Data extracted from a collection
_ _ _ _ _ _ _

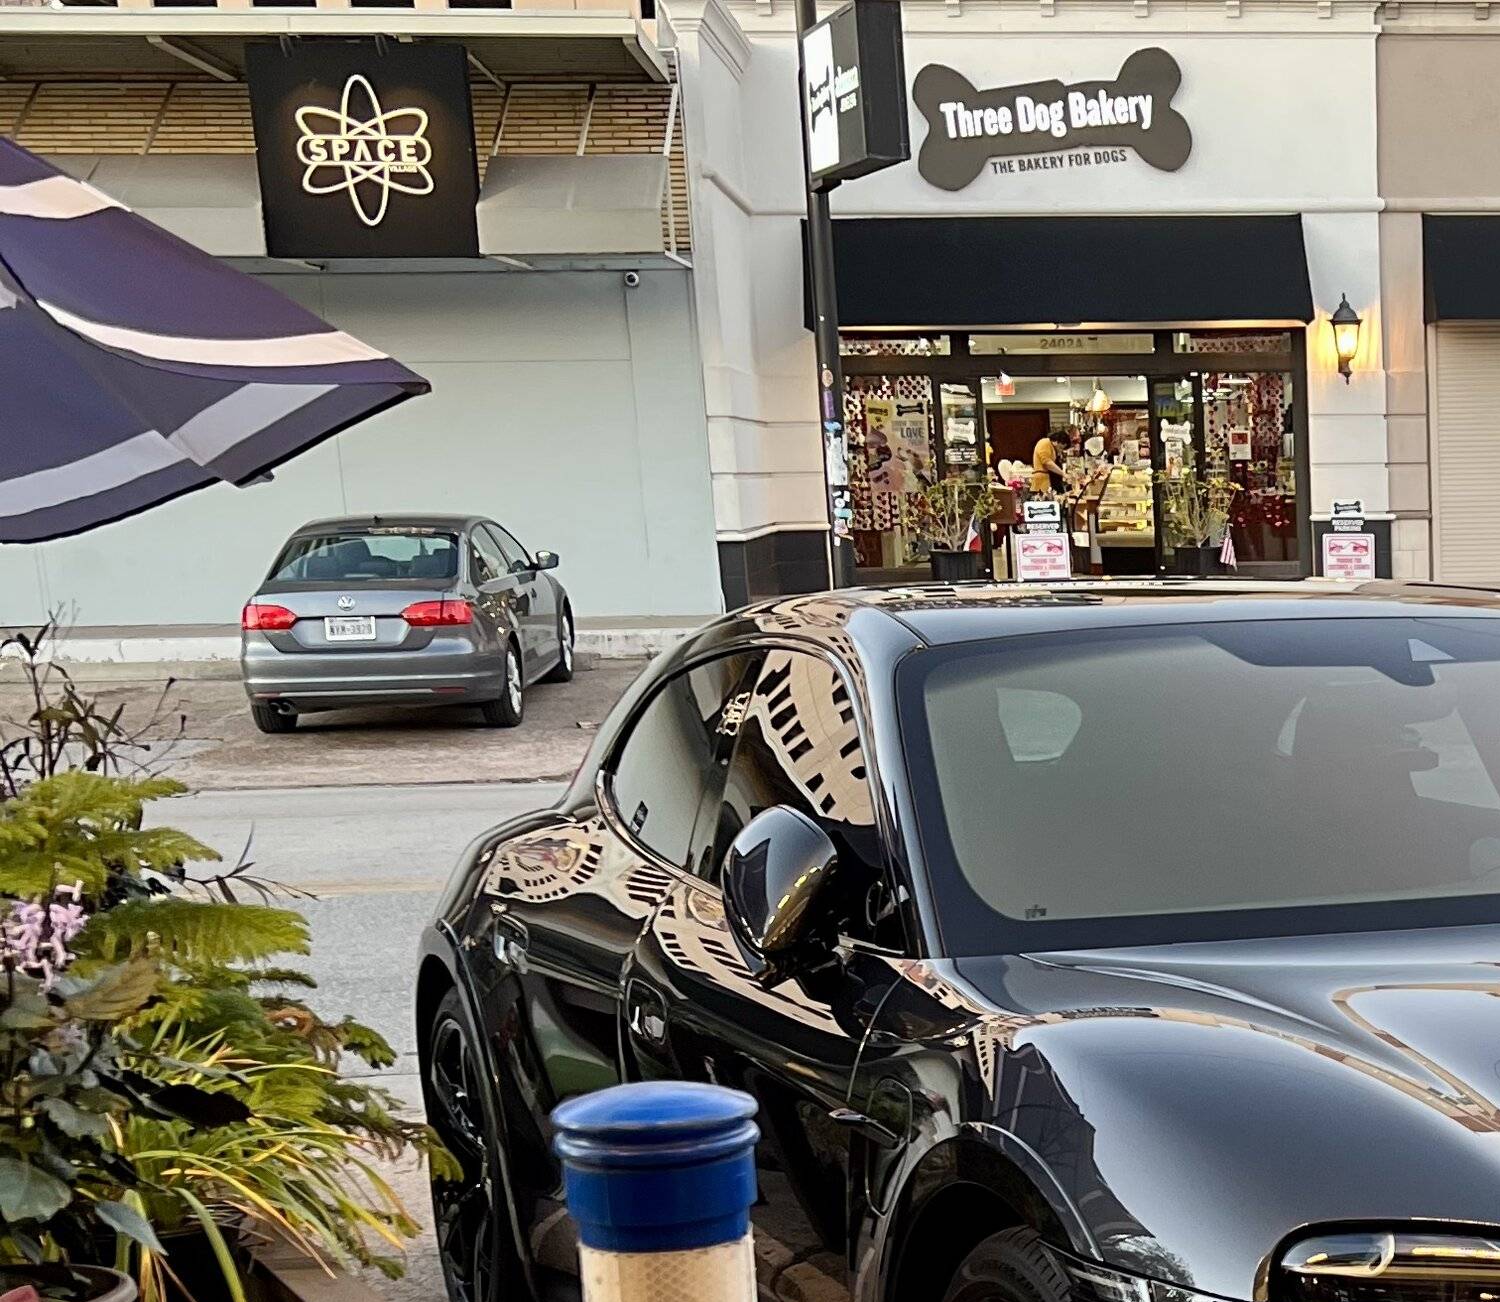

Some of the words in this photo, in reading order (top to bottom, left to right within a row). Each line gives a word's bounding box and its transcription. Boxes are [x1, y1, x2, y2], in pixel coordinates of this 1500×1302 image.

[939, 100, 1013, 139] Three
[1015, 96, 1067, 138] Dog
[1067, 89, 1153, 130] Bakery
[308, 139, 418, 162] SPACE
[991, 159, 1015, 174] THE
[1018, 155, 1065, 172] BAKERY
[1068, 152, 1091, 167] FOR
[1094, 149, 1128, 164] DOGS
[900, 427, 925, 439] LOVE

_ _ _ _ _ _ _

_What needs to be done:_ Please print out the entries above exactly. The pictures stay out.

_Written solution:_
Some of the words in this photo, in reading order (top to bottom, left to right within a row). Each line gives a word's bounding box and its transcription. Boxes are [x1, y1, x2, y2], in pixel coordinates of this 1500×1302 image.

[939, 100, 1013, 139] Three
[1015, 96, 1067, 138] Dog
[1067, 89, 1153, 130] Bakery
[308, 139, 418, 162] SPACE
[991, 159, 1015, 174] THE
[1018, 155, 1065, 172] BAKERY
[1068, 152, 1091, 167] FOR
[1094, 149, 1128, 164] DOGS
[900, 427, 925, 439] LOVE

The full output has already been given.